**EXERCISE BRIEF:**
Output each record below exactly as it stands, leaving out the pictures.

**RECORDS FOR THE TASK:**
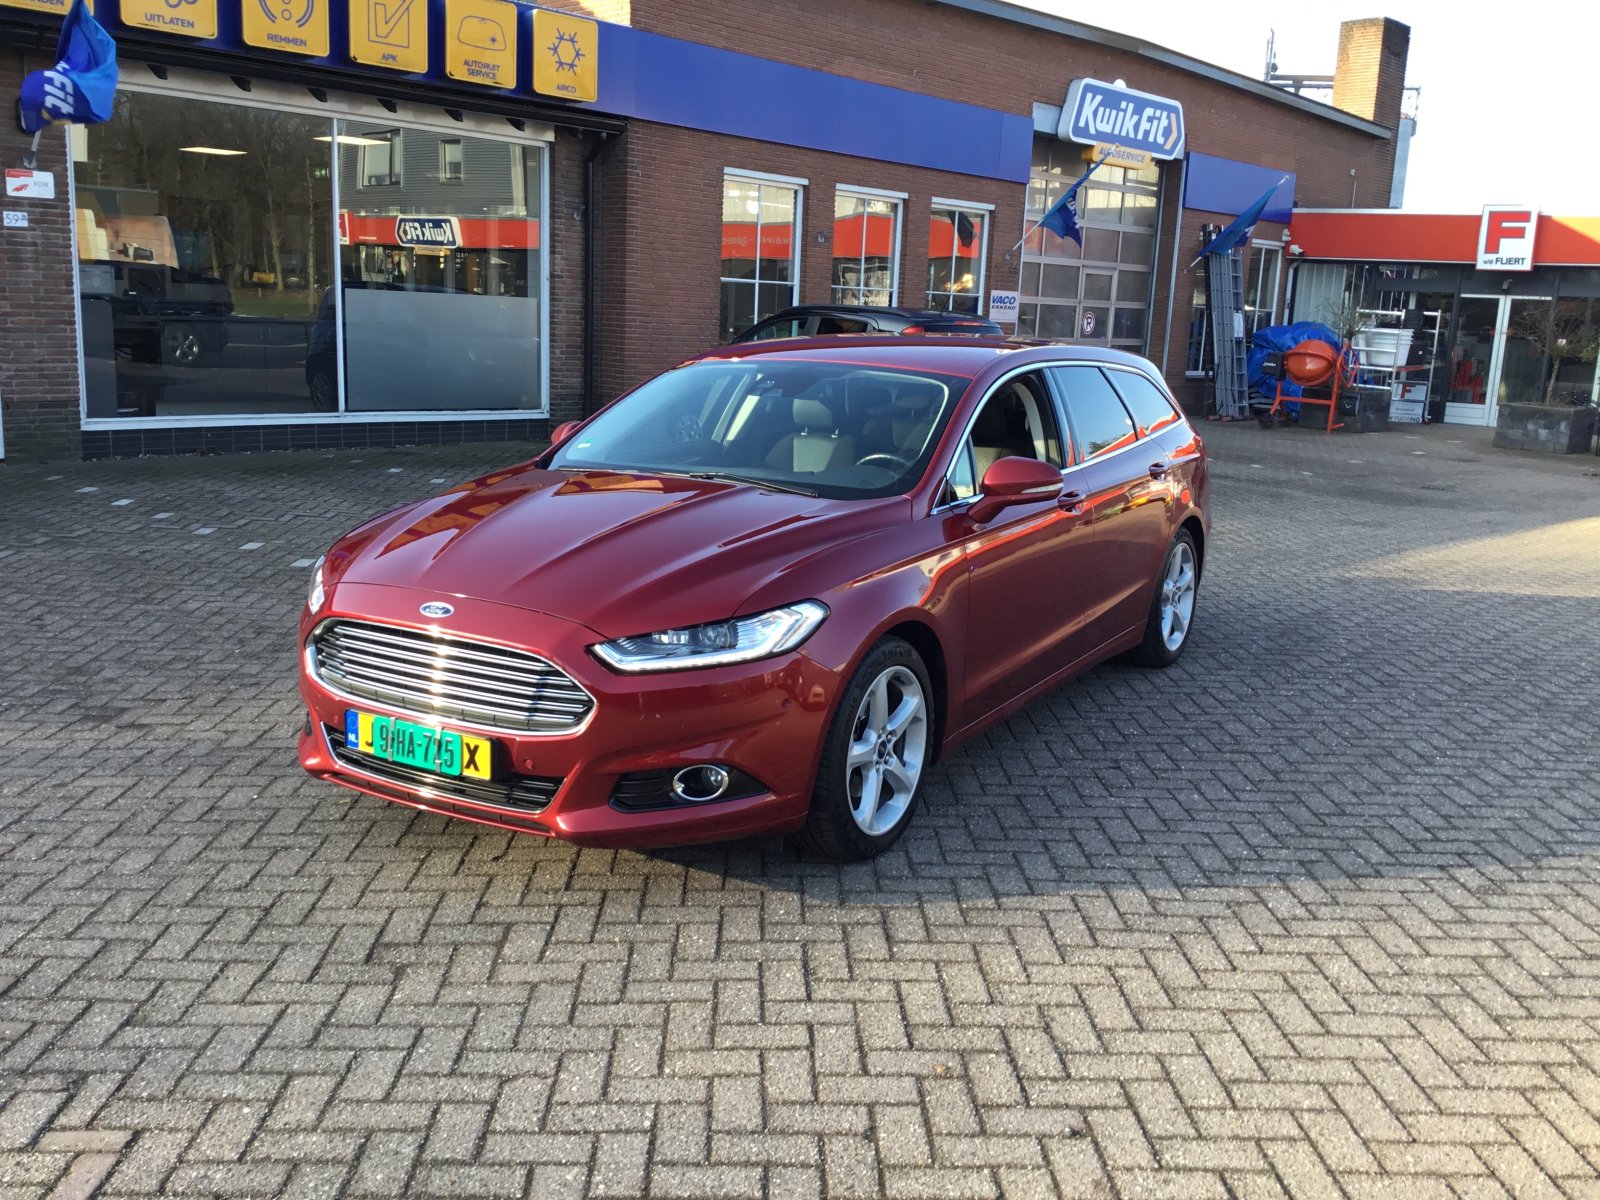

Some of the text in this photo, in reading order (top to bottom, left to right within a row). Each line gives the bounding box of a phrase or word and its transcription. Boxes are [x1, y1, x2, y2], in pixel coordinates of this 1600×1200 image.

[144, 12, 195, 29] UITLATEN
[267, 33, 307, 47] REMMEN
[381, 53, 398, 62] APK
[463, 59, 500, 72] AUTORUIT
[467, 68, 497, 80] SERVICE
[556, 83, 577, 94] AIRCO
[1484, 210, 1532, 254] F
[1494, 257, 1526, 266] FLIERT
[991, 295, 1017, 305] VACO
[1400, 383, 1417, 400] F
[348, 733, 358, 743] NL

**TASK RESULT:**
Some of the text in this photo, in reading order (top to bottom, left to right within a row). Each line gives the bounding box of a phrase or word and its transcription. Boxes are [x1, y1, x2, y2], in pixel coordinates of this 1600×1200 image.

[144, 12, 195, 29] UITLATEN
[267, 33, 307, 47] REMMEN
[381, 53, 398, 62] APK
[463, 59, 500, 72] AUTORUIT
[467, 68, 497, 80] SERVICE
[556, 83, 577, 94] AIRCO
[1484, 210, 1532, 254] F
[1494, 257, 1526, 266] FLIERT
[991, 295, 1017, 305] VACO
[1400, 383, 1417, 400] F
[348, 733, 358, 743] NL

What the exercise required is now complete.